Here are a few factors to consider when taking pictures of people.
Asking for permission
Asking permission allows you to use the ideal lens, get close enough to fill the frame, and provides the opportunity to take several shots, as well as to communicate with your subject if necessary.
It also means you know you’re not photographing someone against their wishes. Asking for permission may lead to a refusal, which can be disappointing but should be accepted with good grace. If you are refused do not assume that everyone else in the vicinity will also refuse. Of course, you should make sure there aren’t any religious or cultural reasons that discourage or prohibit photography. If in doubt, ask a local.
How to approach people
How you approach people will affect the outcome of your request for a photo. Simply smiling and holding your camera up is usually sufficient to get your intention across. You may choose to learn the phrase for asking permission in the local language, but it can be less effective than sign language (when you have to repeat the sentence 10 times to make yourself understood). Approach the person with confidence and a smile. When you get the go-ahead, shoot quickly. You’ll increase the possibility of capturing more spontaneous and natural images.
Taking control of the situation
There’s nothing more frustrating than seeing someone you think would make a great photograph, only for them to change position when they realise you want to photograph them. Don’t be afraid to take control of the situation and ask the person to look at you, or away, or at what they’re doing. Demonstrate the pose you want by doing it yourself. If your subject is wearing a hat in a sunny location half of their face will be in heavy shadow; ask them to look up slightly or to push the hat back a bit.
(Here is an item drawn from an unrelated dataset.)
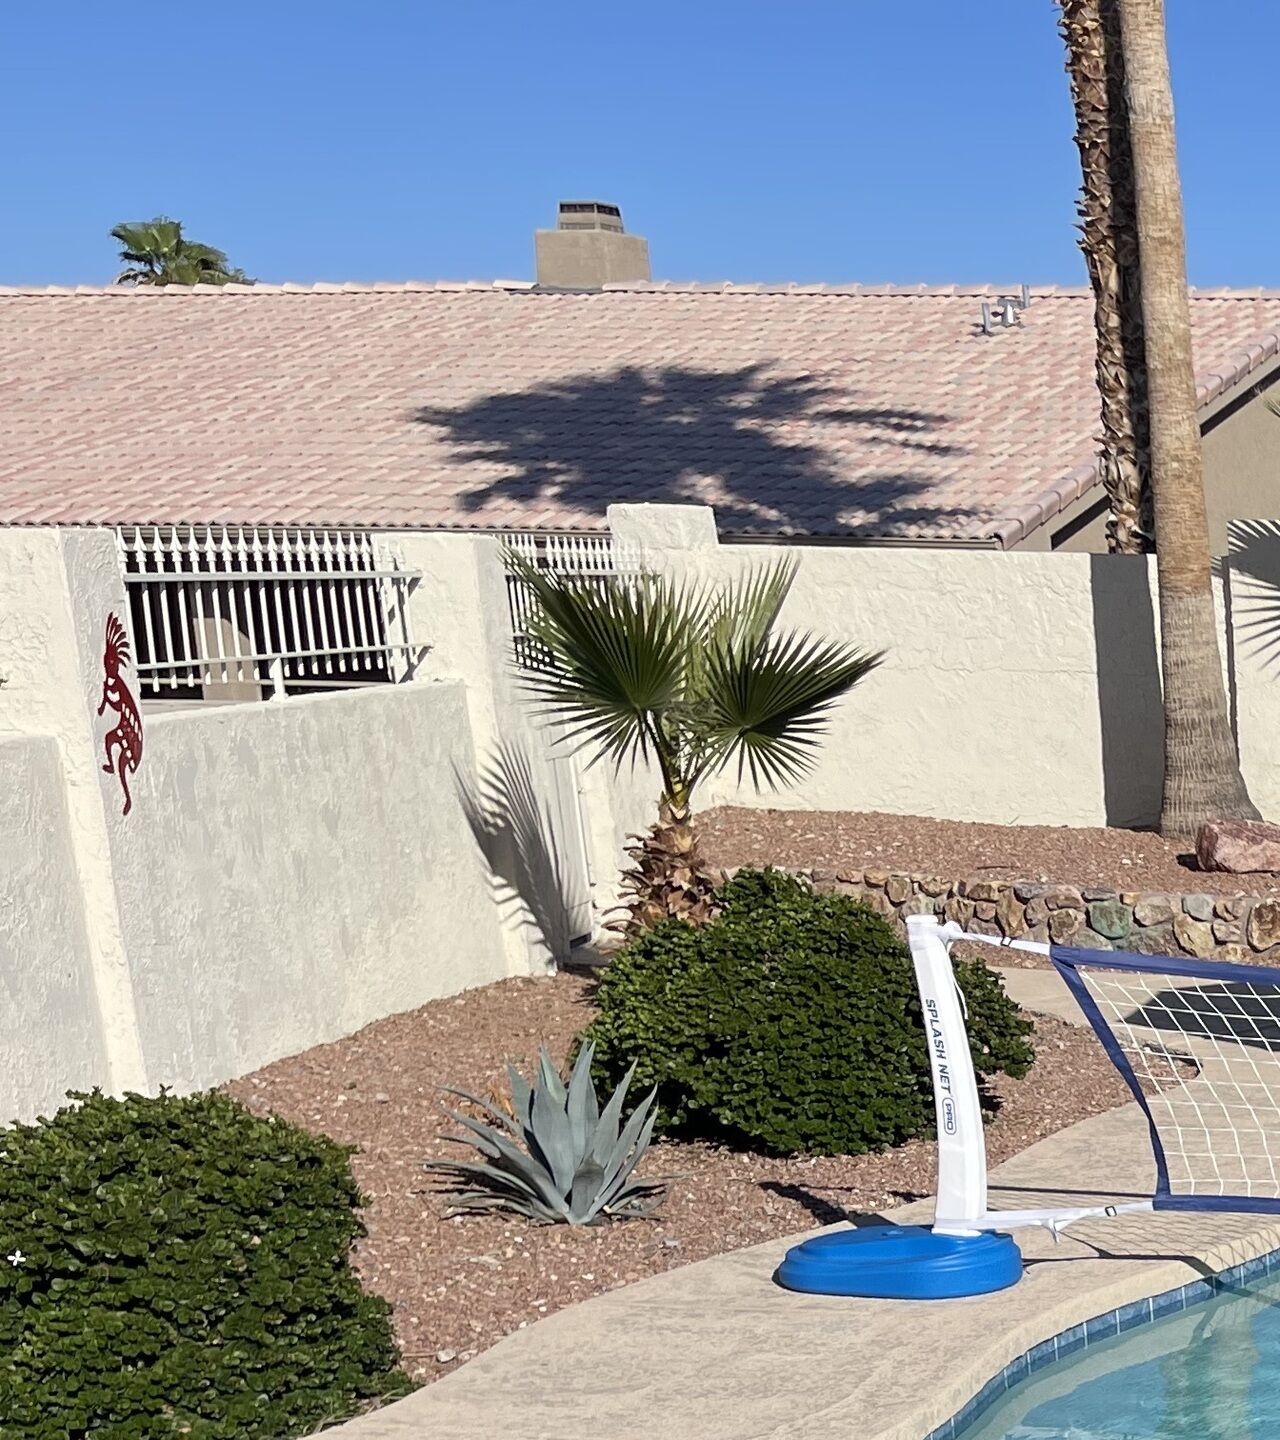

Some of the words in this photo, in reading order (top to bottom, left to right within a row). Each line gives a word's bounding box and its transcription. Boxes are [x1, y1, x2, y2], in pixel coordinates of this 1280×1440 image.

[925, 998, 947, 1060] SPLASH
[938, 1063, 951, 1094] NET
[945, 1103, 954, 1131] PRO
Helping your subject relax
If people stiffen up in front of the camera, it’s up to you to get them to relax. Take one frame however they have posed themselves, then wait or talk to them before trying again. Remember, you’re aiming to take a beautiful shot of someone and they’ll not only understand but be delighted when they see how good they look on the LCD screen.
The benefits of the direct approach
The direct approach of asking permission results in more satisfactory images than trying to sneak them from a distance. People will be more suspicious of your intentions and less co-operative if they spot you pointing a long lens from the shadows. You still have to be fairly close, even with a 200mm lens, to get a frame-filling portrait. It’s best to be open about what you’re doing.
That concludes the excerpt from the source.